Autograd error: One of the differentiated Tensors appears to not have been used in the graph. Set allow_unused=True if this is the desired behavior

for the calculation of classification loss on the augmented dataset

define calc_loss_aug

def calc_loss_aug(input, labels, bart_model, classifier, max_length = 50):
# get the tokenizers
bart_tokenizer = bart_model.tokenizer

classifier_tokenizer = classifier.tokenizer

# convert input to the bart encodings

sentence = [classifier_tokenizer.decode(g, skip_special_tokens=True, clean_up_tokenization_spaces=False) for g in input]

encoding = bart_tokenizer(sentence, return_tensors='pt', padding=True)

input_ids_bart = torch.nn.Parameter(encoding['input_ids'].float())

attention_mask_bart = torch.nn.Parameter(encoding['attention_mask'].float())

bart_logits = bart_model(input_ids_bart.long(), attention_mask_bart.long(),
 target_ids = input_ids_bart[:,:max_length].long(), decoder_attention_mask = attention_mask_bart[:,:max_length].long()).logits

# find the decoded vector from probabilities
[ _ , summary_ids] = bart_logits.max(dim = -1)

# classifier
out = [bart_tokenizer.decode(g, skip_special_tokens=True, clean_up_tokenization_spaces=False) for g in summary_ids]

encoding = classifier_tokenizer(out, return_tensors='pt', padding=True)

input_ids_classifier = torch.nn.Parameter(encoding['input_ids'].float())

attention_mask_classifier = torch.nn.Parameter(encoding['attention_mask'].float())

loss = classifier(input_ids_classifier.long(), attention_mask_classifier.long(), labels = labels).loss

return loss

When I run

vector_t_dash = torch.autograd.grad(loss, bart_model.bart_model.model.encoder.parameters(), retain_graph = True),

I am getting the following error, and I have no idea how to solve it?

RuntimeError: One of the differentiated Tensors appears to not have been used in the graph. Set allow_unused=True if this is the desired behavior.

Can anyone help to solve it?

Hi,

If you expect that some of the parameters in the model are not used, then you can pass allow_unused=True as suggested in the error message.
Otherwise you want to make sure that you only do differentiable ops with Tensors that can require gradients. In particular, only floating point Tensors can require gradients

How do I pass a tensor output which is with respect to one tokenizer(BART) to another tokenizer(XLNet) without converting it to string because this is where the model is turning out to be non-differentiable?

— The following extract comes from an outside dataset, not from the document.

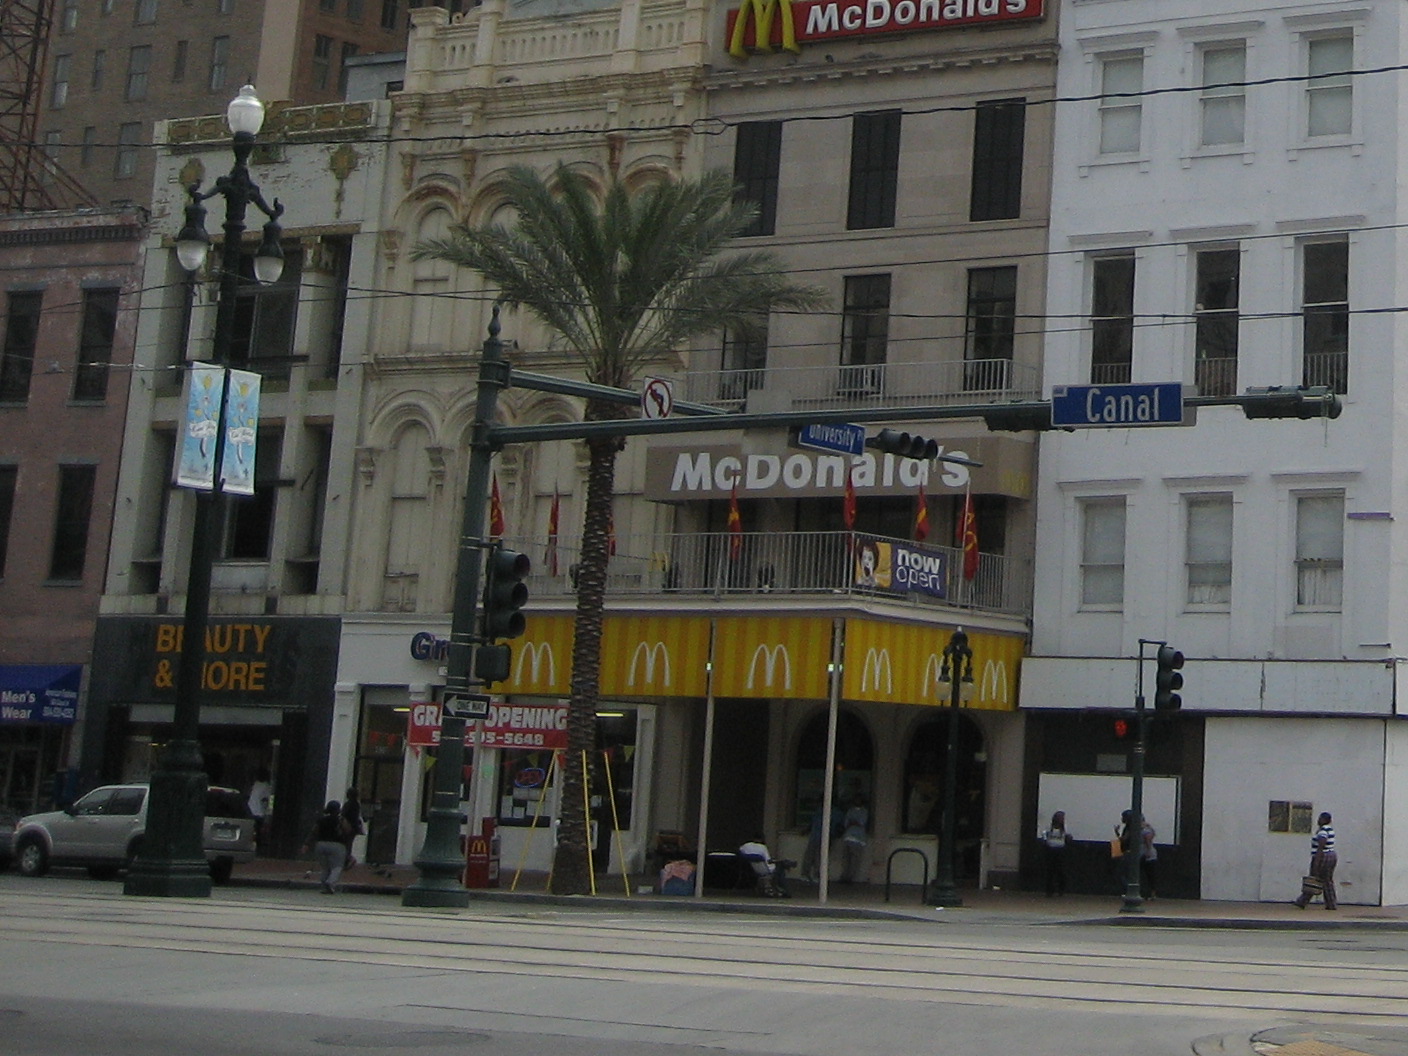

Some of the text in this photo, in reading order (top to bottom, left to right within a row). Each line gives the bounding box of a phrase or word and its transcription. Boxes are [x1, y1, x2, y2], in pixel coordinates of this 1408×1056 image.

I have output from the BART model which has to be passed to the XL-Net model. But to do so I have to change the output from BART to the format needed by XL-Net, so I have to convert it to string and pass it through an XL-Net tokenizer. However, when using autograd w.r.t BART model it is becoming a non-differentiable unit.

A way around will be helpful.

Hi,

If your op is not differentiable, there isn’t much we can do here.
If for your particular use case, you want to specify a special backward for that part that is not differentiable, you can do so with a custom Function: Extending PyTorch — PyTorch 1.7.1 documentation

Hey, Thank you! This is useful.

I found a simple way around for my task, and I have to use argmax in the loss function.
However, I need to find a way to include a differentiable argmax operator. Can you help me in this regard?

Thank you again :slight_smile:

Well it is not differentiable either so you either have to use a “soft” version of it if you can like softmax. Or a custom function as I mentionned above.